■ Aim of the exercise: Reproduce all the lines below exactly and omit the images.

== Provided data

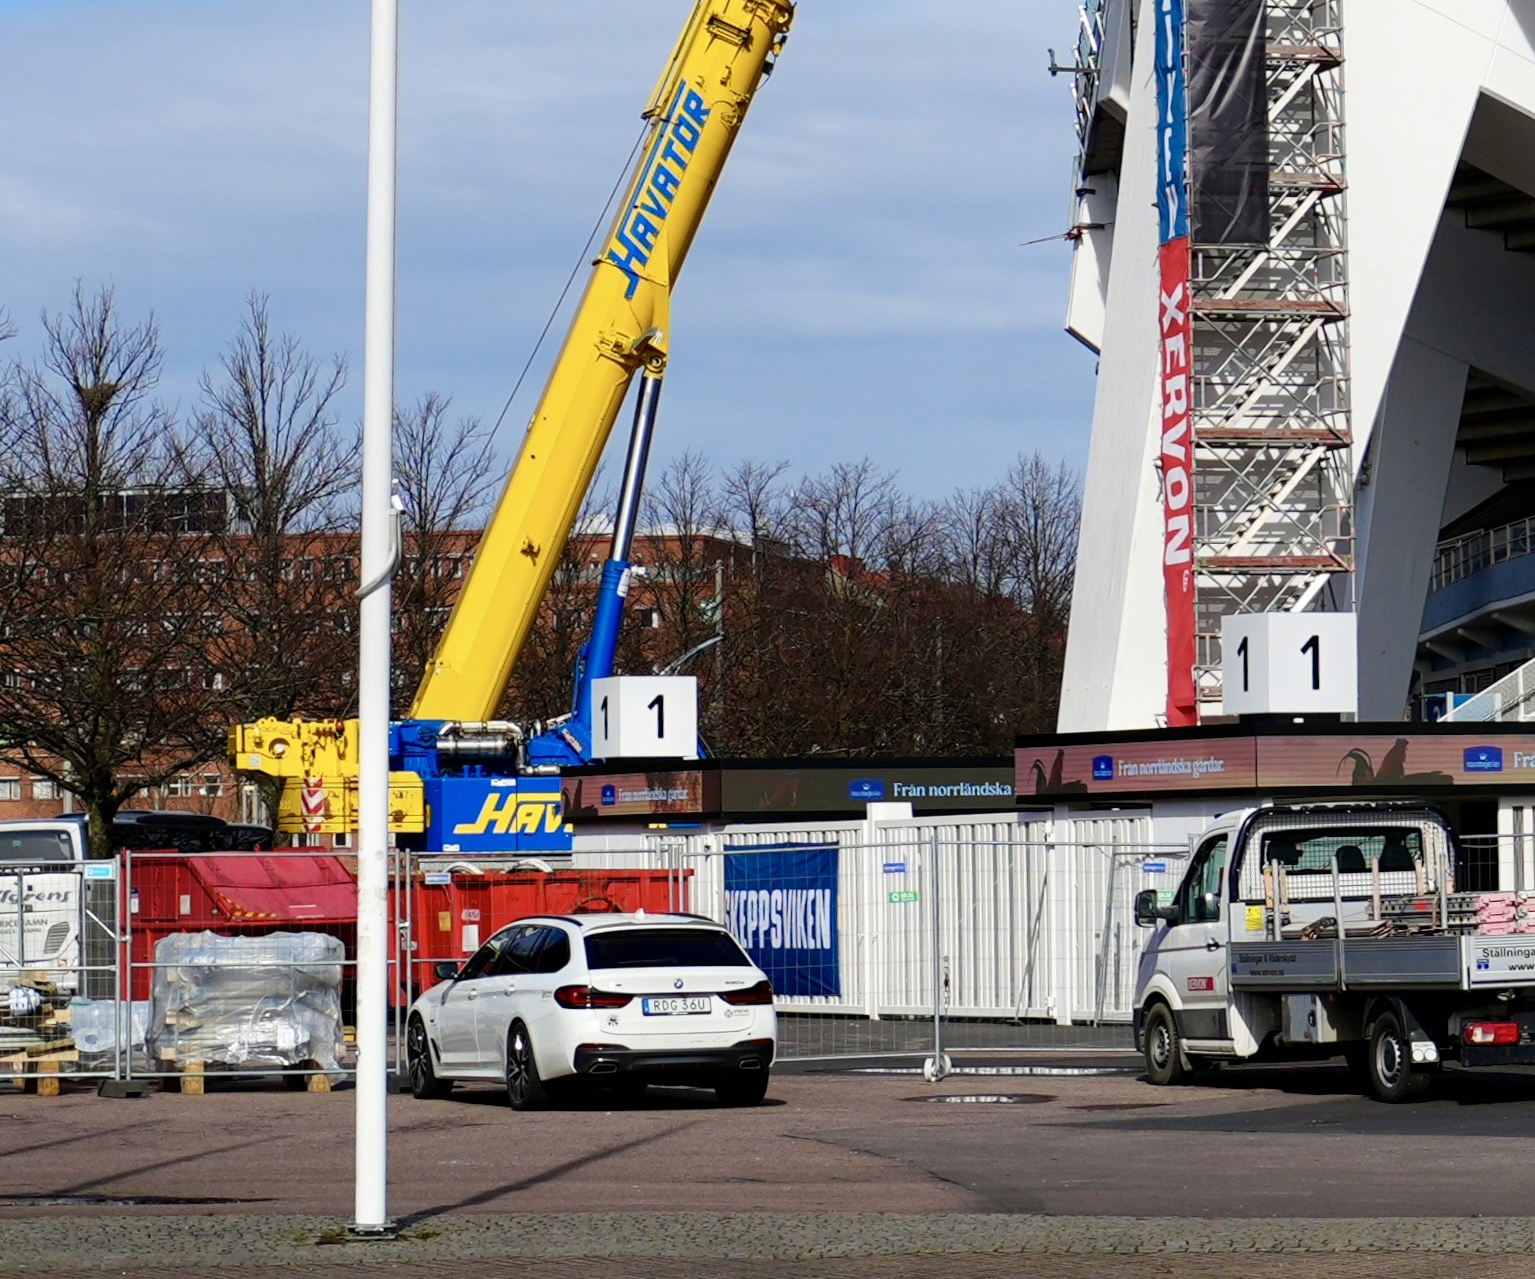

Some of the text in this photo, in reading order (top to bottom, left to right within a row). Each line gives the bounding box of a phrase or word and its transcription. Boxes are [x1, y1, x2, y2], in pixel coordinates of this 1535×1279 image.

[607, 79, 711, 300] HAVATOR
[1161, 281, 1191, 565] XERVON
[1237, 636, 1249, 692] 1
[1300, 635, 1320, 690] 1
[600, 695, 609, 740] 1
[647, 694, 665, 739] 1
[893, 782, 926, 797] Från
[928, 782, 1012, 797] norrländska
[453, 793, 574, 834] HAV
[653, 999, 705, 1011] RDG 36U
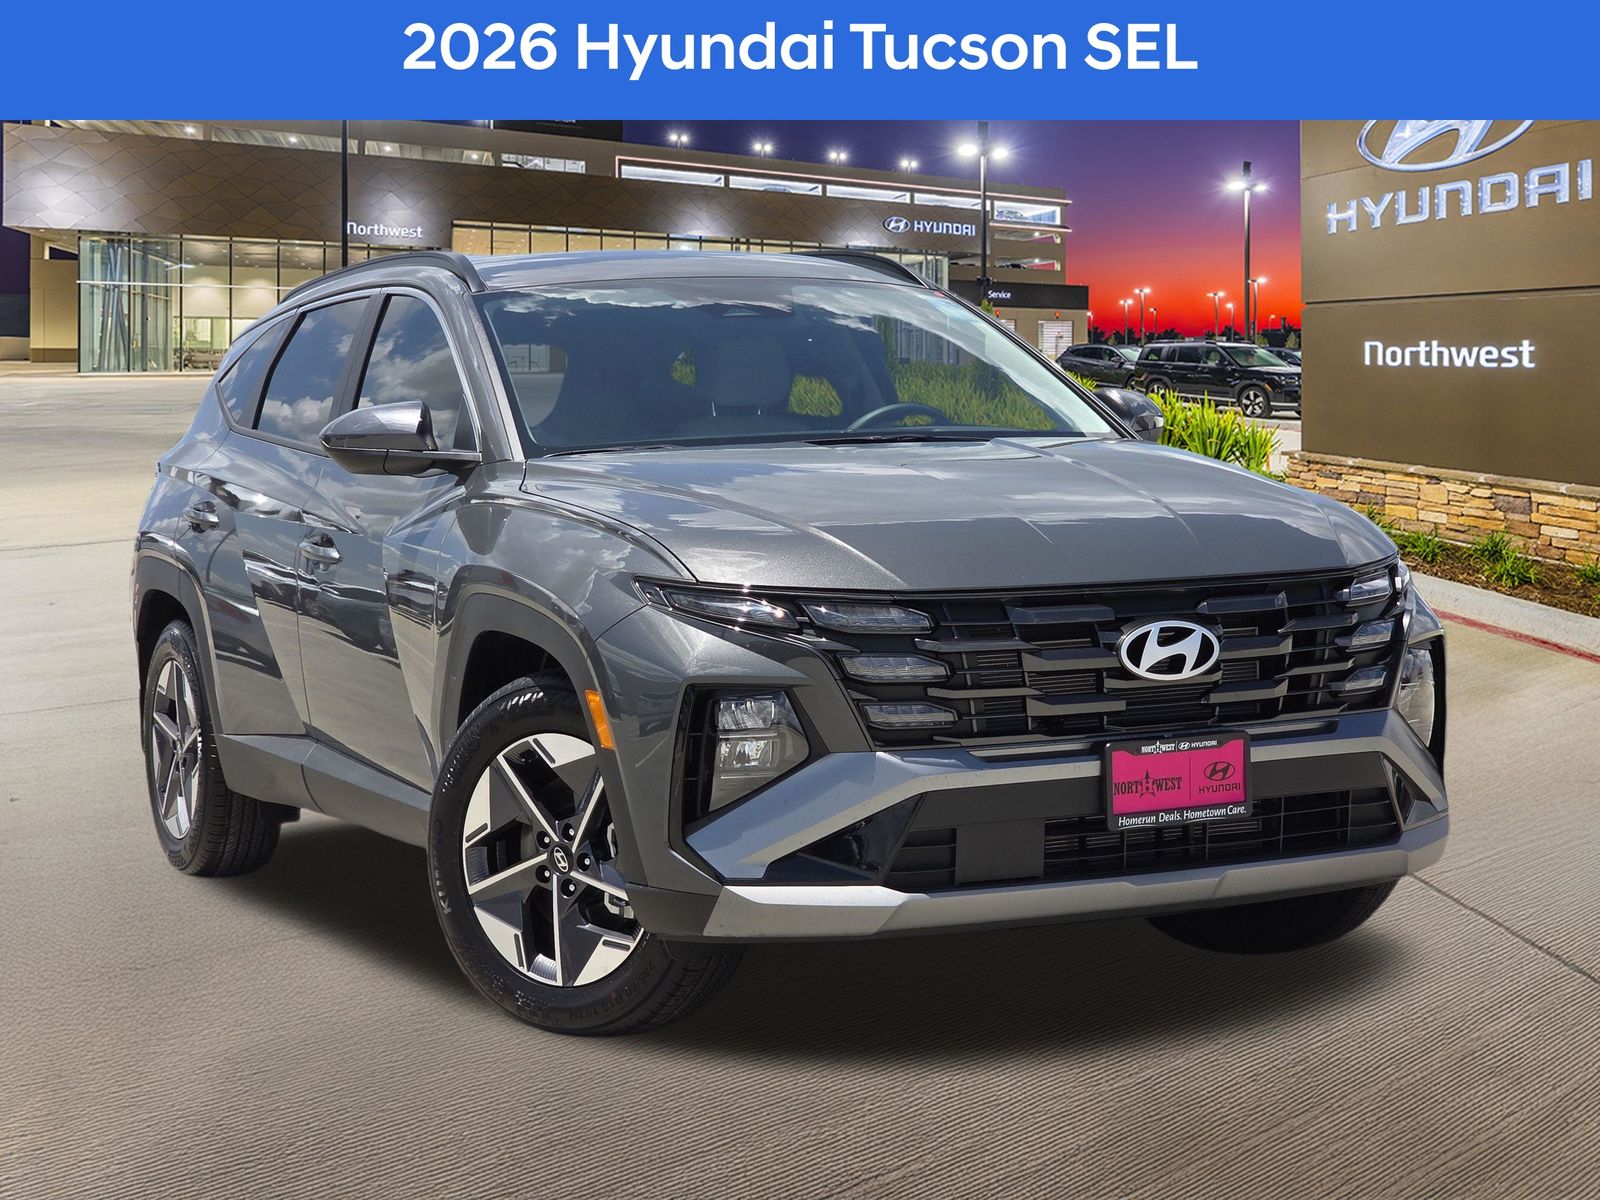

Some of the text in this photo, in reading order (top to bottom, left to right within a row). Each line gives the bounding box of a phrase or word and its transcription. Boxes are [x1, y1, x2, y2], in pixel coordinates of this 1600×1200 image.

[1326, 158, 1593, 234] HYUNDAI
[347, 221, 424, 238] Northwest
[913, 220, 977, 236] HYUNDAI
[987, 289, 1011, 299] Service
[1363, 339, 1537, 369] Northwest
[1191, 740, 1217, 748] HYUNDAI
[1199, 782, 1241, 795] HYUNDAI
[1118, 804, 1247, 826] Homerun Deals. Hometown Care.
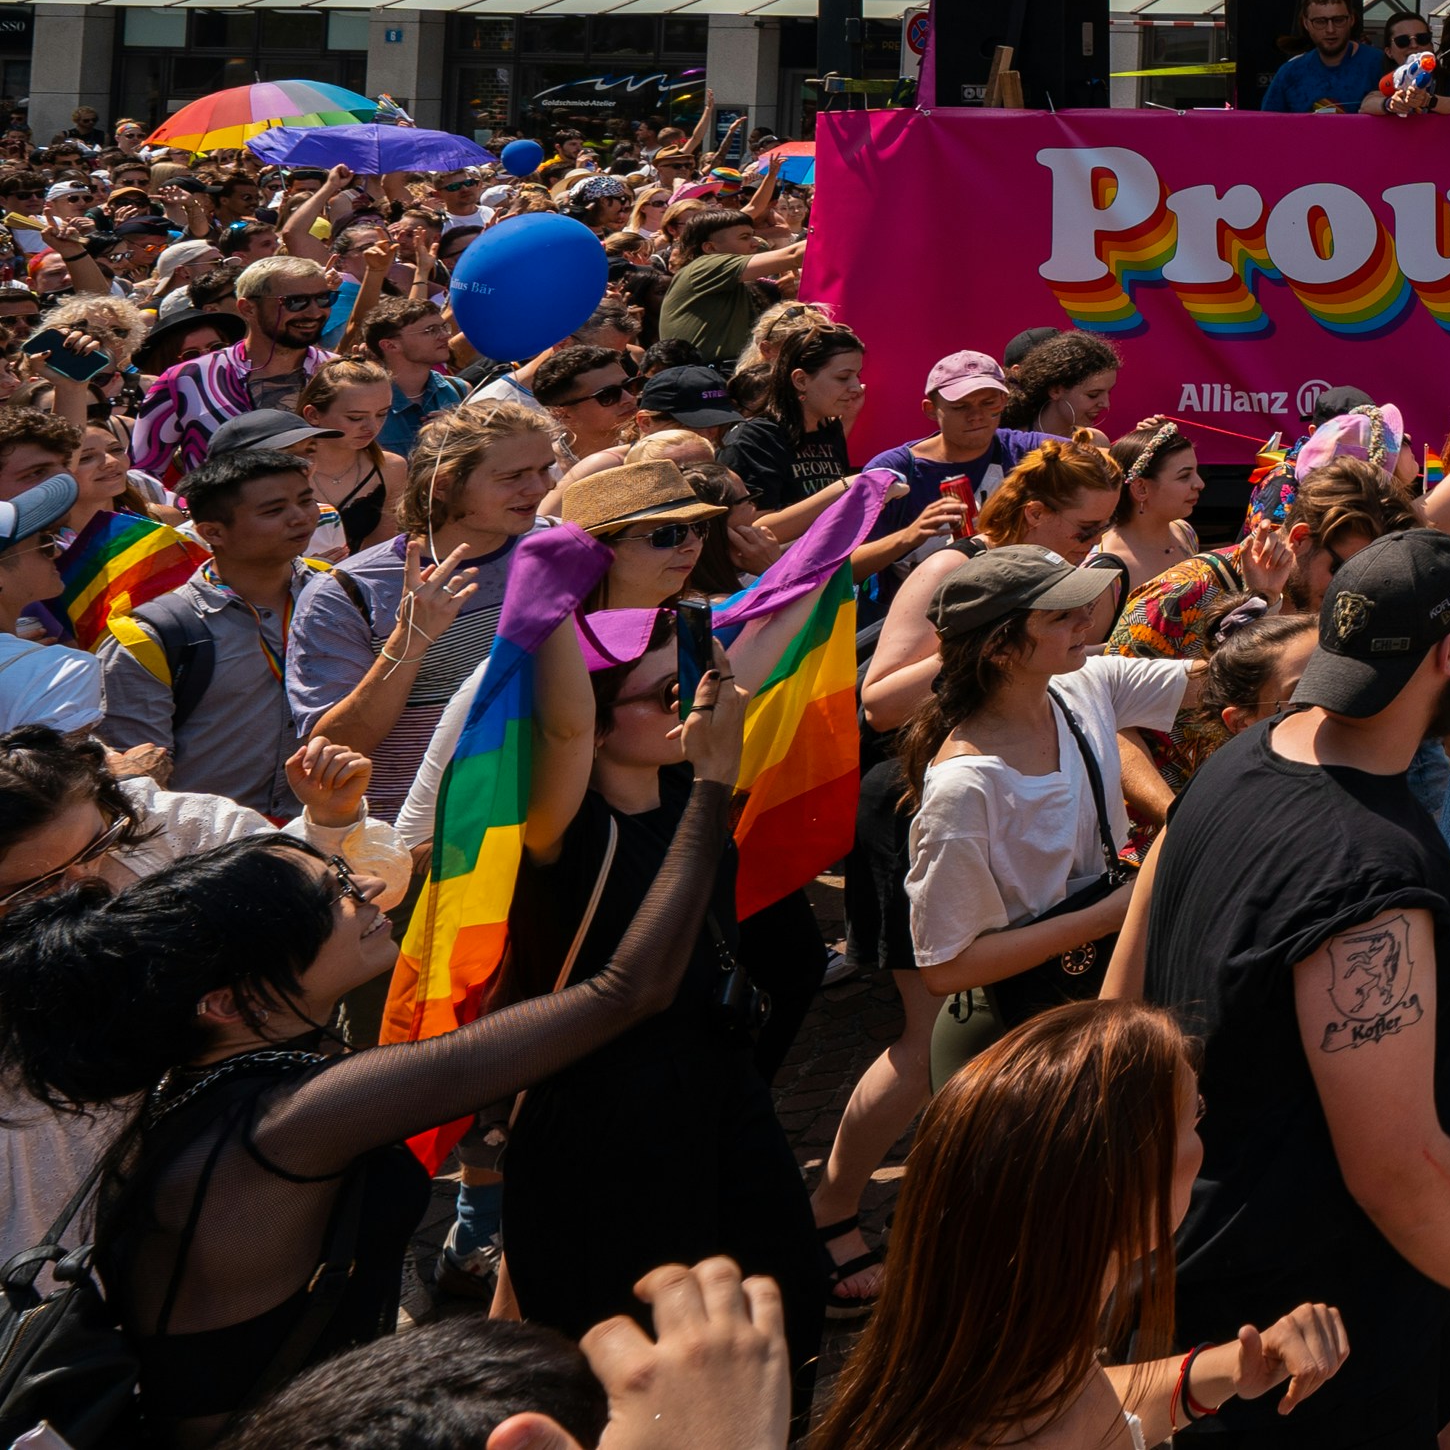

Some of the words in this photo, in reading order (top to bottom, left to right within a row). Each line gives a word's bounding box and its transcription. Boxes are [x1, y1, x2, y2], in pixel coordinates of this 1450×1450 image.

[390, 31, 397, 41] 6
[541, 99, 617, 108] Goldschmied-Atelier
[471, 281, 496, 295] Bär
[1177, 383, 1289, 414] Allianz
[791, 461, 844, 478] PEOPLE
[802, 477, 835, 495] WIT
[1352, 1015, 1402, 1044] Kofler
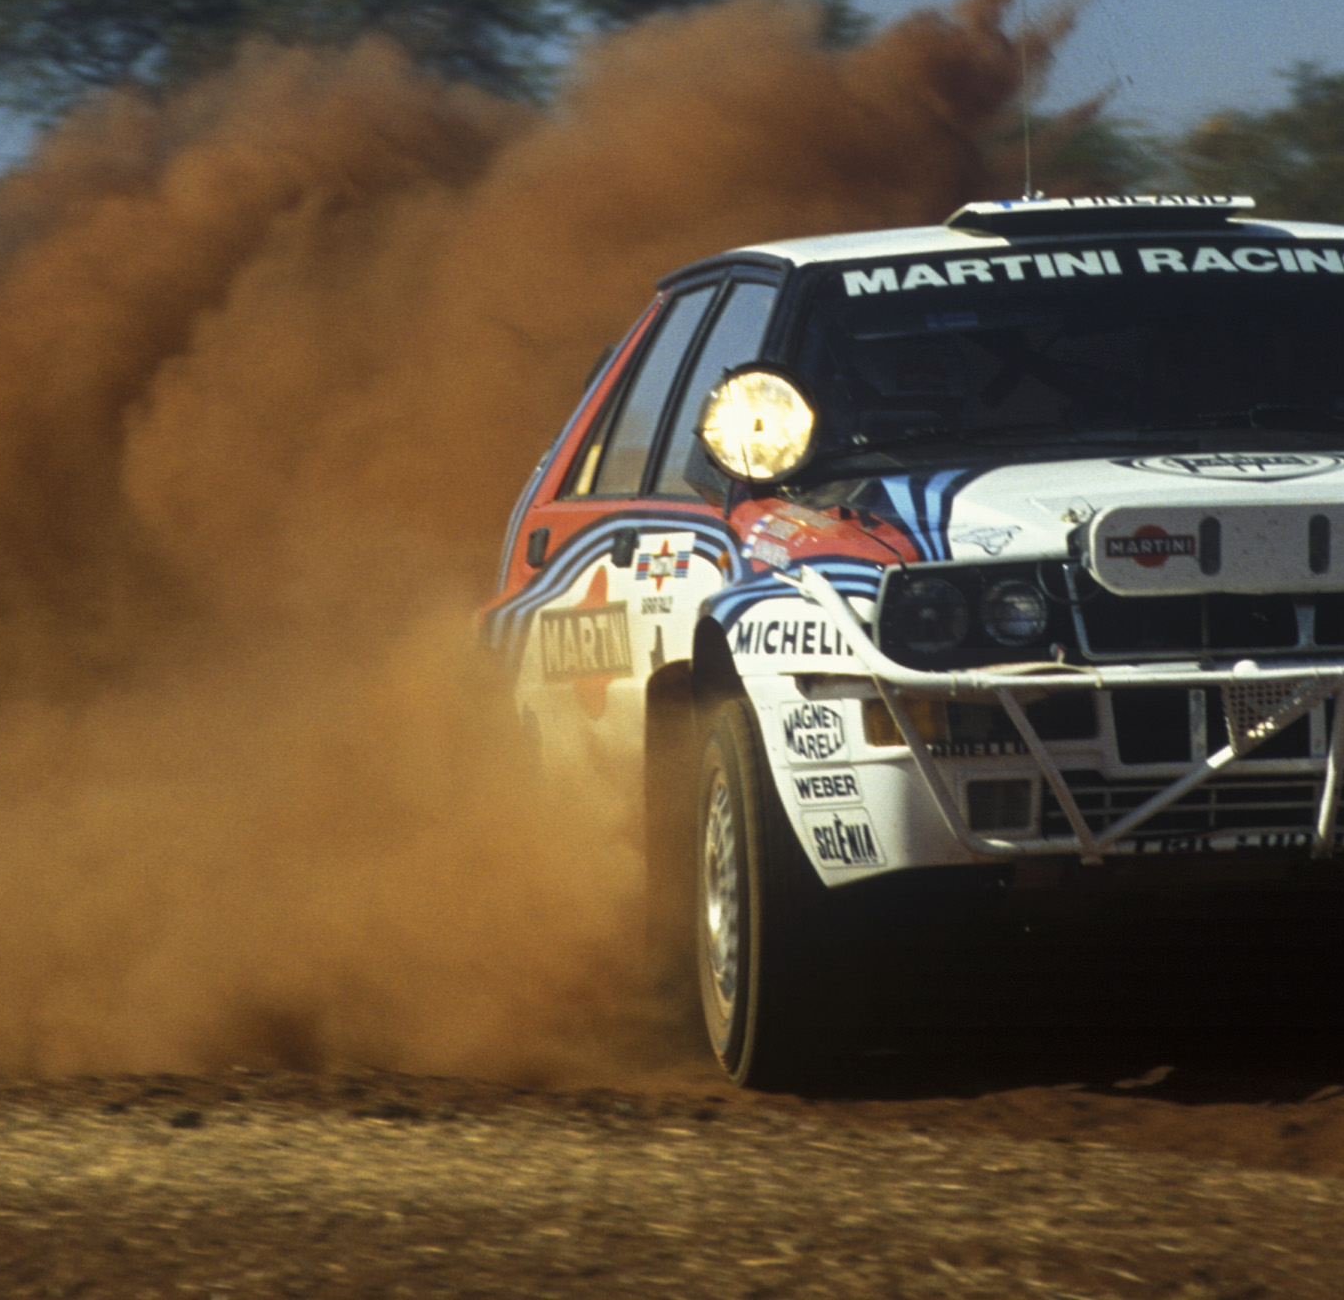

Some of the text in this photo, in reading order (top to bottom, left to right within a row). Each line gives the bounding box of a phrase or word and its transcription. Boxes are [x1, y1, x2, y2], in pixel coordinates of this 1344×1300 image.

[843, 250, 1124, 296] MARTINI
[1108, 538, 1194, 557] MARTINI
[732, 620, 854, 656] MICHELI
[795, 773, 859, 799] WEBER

====

■ Exercise response:
Some of the text in this photo, in reading order (top to bottom, left to right within a row). Each line gives the bounding box of a phrase or word and its transcription. Boxes are [x1, y1, x2, y2], in pixel coordinates of this 1535×1279 image.

[607, 79, 711, 300] HAVATOR
[1161, 281, 1191, 565] XERVON
[1237, 636, 1249, 692] 1
[1300, 635, 1320, 690] 1
[600, 695, 609, 740] 1
[647, 694, 665, 739] 1
[893, 782, 926, 797] Från
[928, 782, 1012, 797] norrländska
[453, 793, 574, 834] HAV
[653, 999, 705, 1011] RDG 36U

Some of the text in this photo, in reading order (top to bottom, left to right within a row). Each line gives the bounding box of a phrase or word and its transcription. Boxes are [x1, y1, x2, y2], in pixel coordinates of this 1600×1200 image.

[1326, 158, 1593, 234] HYUNDAI
[347, 221, 424, 238] Northwest
[913, 220, 977, 236] HYUNDAI
[987, 289, 1011, 299] Service
[1363, 339, 1537, 369] Northwest
[1191, 740, 1217, 748] HYUNDAI
[1199, 782, 1241, 795] HYUNDAI
[1118, 804, 1247, 826] Homerun Deals. Hometown Care.

Some of the words in this photo, in reading order (top to bottom, left to right within a row). Each line gives a word's bounding box and its transcription. Boxes are [x1, y1, x2, y2], in pixel coordinates of this 1450×1450 image.

[390, 31, 397, 41] 6
[541, 99, 617, 108] Goldschmied-Atelier
[471, 281, 496, 295] Bär
[1177, 383, 1289, 414] Allianz
[791, 461, 844, 478] PEOPLE
[802, 477, 835, 495] WIT
[1352, 1015, 1402, 1044] Kofler

Some of the text in this photo, in reading order (top to bottom, left to right within a row). Each line gives the bounding box of a phrase or word and its transcription. Boxes are [x1, y1, x2, y2], in pixel coordinates of this 1344×1300 image.

[843, 250, 1124, 296] MARTINI
[1108, 538, 1194, 557] MARTINI
[732, 620, 854, 656] MICHELI
[795, 773, 859, 799] WEBER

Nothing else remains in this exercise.